POLİKİSTİK OVER SENDROMU NEDİR?
PCOS, üreme çağındaki genç kadınlarda en sık görülen (yaklaşık %5-10) endokrin bozukluklardan birisidir. Sıklıkla adölesan (ergenlik) dönemde başlar, yumurtalıklarda (ovaryum) işlev bozukluğu ve yüksek androjen salınımı ile karakterizedir. Bu sendromun temel nedeni bilinmemektedir. Genetik, metabolik, endokrin, çevresel ve yaşam tarzı gibi faktörler PCOS oluşmasında etkilidir. Adiponektin gen polimorfizmi, düşük doğum ağırlığı, insülin direnci, hiperandrojenizm ve artmış adipozite ile ilişkili olduğu düşünülmektedir.

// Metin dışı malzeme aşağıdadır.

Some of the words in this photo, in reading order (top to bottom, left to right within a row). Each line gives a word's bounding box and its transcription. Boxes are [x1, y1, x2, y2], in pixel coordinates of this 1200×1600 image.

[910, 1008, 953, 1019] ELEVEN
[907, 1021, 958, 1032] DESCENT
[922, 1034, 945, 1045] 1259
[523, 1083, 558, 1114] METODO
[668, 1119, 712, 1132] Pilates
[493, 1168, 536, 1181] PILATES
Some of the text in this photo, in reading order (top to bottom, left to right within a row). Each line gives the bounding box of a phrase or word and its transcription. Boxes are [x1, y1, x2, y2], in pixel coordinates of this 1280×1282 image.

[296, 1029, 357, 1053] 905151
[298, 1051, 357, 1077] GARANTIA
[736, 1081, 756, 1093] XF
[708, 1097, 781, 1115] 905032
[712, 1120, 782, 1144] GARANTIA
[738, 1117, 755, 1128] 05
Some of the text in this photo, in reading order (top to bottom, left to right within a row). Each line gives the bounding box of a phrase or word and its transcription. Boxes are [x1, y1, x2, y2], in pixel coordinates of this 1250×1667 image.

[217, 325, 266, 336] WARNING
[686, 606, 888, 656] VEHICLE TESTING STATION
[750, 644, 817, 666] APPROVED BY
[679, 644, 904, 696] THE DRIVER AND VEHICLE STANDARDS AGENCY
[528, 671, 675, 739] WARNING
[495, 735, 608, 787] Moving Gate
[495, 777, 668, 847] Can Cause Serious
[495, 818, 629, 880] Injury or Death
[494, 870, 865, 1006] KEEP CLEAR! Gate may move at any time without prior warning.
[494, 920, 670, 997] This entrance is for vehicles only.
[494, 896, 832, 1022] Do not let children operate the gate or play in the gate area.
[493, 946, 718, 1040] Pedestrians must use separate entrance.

Bu sendromun tanımlanmasında tek bir farklılık veya tanı testi olmadığı için tanımlanması zor bir hastalıktır. Yüksek androjen salınımı ve anormal insülin aktivasyonu PCOS’a zemin hazırlarken, hastaların %70 inde aşırı tüylenme ve adet düzensizliği oluşmaktadır. Üreme sağlığına olan etkilerinin yanında aynı zamanda obezite, tip 2 diyabet ve kardiyovasküler hastalıklar olmak üzere, önemli bazı metabolik hastalıklar için de risk faktörüdür.
POLİKİSTİK OVER SENDROMU BELİRTİLERİ NELERDİR?
- Polikistik over sendromuna sahip kadınlarda adet düzensizliği ve menstrüal döngünün bozulması çok sık karşılaşılan belirtilerden birisidir.
- İnfertilite yani kısırlık görülebilmektedir.
- Erkek tipi kıllanma olarak tanımlanan Hirşutizm, kadınlarda androjen hormon üretiminin veya androjen hormonlara duyarlılığının artması sonucu meydana gelen klinik bir bulgudur. Özellikle vücudun yüz, göğüs ve sırt gibi bölgelerinde erkek benzeri sert, koyu renkli yoğun kıllanma görülmektedir.
- Bu kişilerde akne oluşumu artabilmektedir.
- Alopesi (saçkıran) gibi saçlarda dökülme veya seyrelme olabilmektedir.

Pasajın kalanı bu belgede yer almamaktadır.